[YOUR INSTRUCTIONS]:
The task calls for each record to be given again unchanged, minus any pictures.
DATA SUPPLIED START
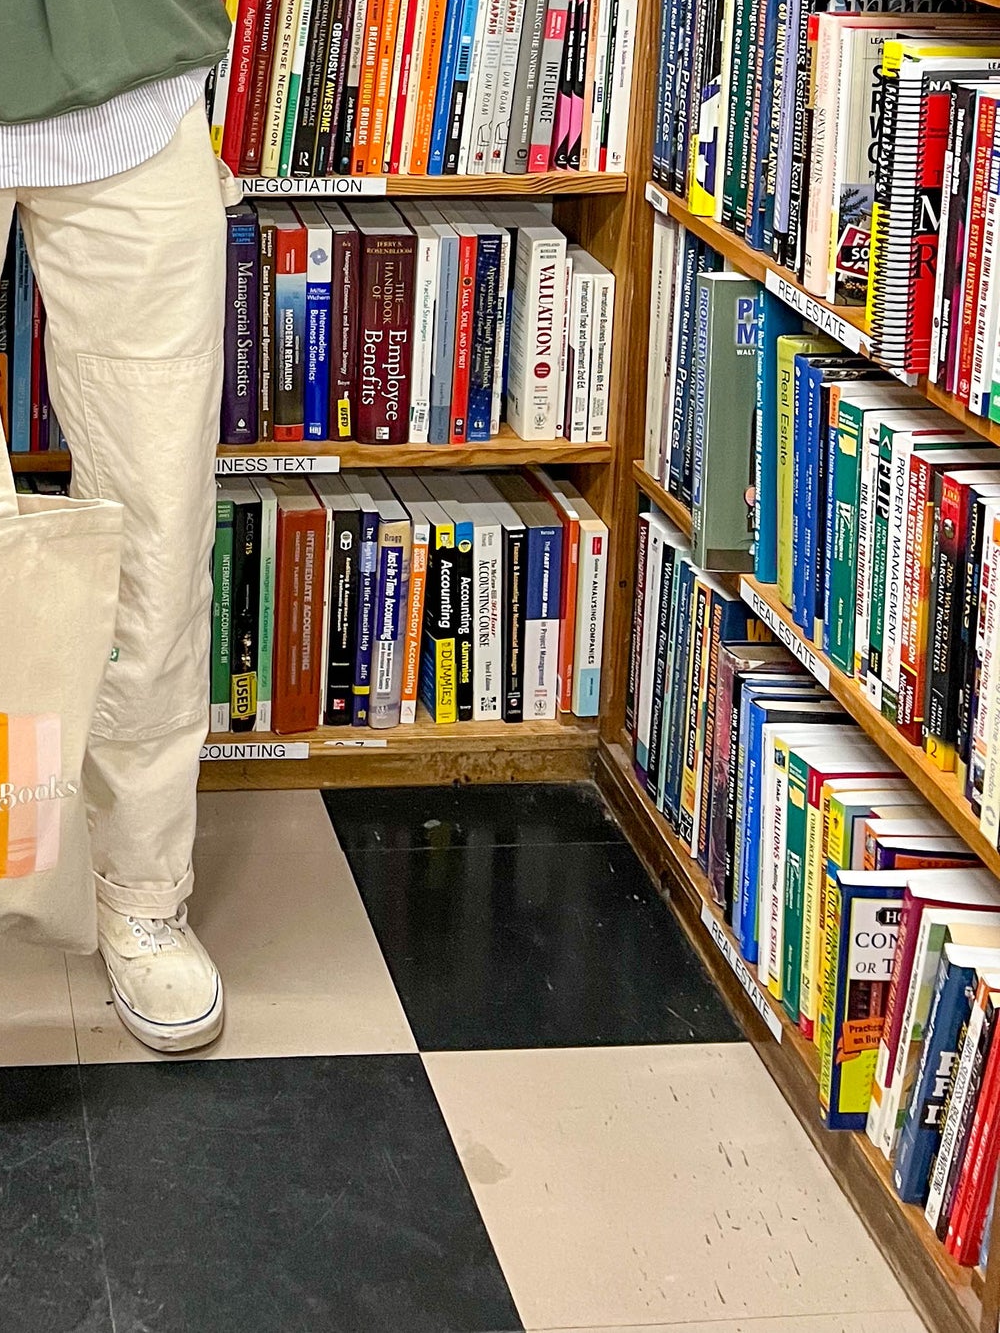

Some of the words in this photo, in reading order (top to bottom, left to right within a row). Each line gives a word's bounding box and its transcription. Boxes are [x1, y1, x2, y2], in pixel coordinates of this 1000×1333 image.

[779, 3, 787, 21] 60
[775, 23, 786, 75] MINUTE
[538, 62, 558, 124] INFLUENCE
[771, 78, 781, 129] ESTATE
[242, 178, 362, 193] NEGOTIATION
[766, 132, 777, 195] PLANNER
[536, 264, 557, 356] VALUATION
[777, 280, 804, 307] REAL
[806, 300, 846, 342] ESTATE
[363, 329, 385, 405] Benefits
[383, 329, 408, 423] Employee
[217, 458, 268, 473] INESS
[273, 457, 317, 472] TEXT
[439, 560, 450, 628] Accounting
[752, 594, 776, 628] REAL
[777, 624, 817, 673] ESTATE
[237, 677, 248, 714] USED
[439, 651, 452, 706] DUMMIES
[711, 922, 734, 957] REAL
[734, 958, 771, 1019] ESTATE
DATA SUPPLIED END
[REPLY TO THE TASK]:
Some of the words in this photo, in reading order (top to bottom, left to right within a row). Each line gives a word's bounding box and its transcription. Boxes are [x1, y1, x2, y2], in pixel coordinates of this 1000×1333 image.

[779, 3, 787, 21] 60
[775, 23, 786, 75] MINUTE
[538, 62, 558, 124] INFLUENCE
[771, 78, 781, 129] ESTATE
[242, 178, 362, 193] NEGOTIATION
[766, 132, 777, 195] PLANNER
[536, 264, 557, 356] VALUATION
[777, 280, 804, 307] REAL
[806, 300, 846, 342] ESTATE
[363, 329, 385, 405] Benefits
[383, 329, 408, 423] Employee
[217, 458, 268, 473] INESS
[273, 457, 317, 472] TEXT
[439, 560, 450, 628] Accounting
[752, 594, 776, 628] REAL
[777, 624, 817, 673] ESTATE
[237, 677, 248, 714] USED
[439, 651, 452, 706] DUMMIES
[711, 922, 734, 957] REAL
[734, 958, 771, 1019] ESTATE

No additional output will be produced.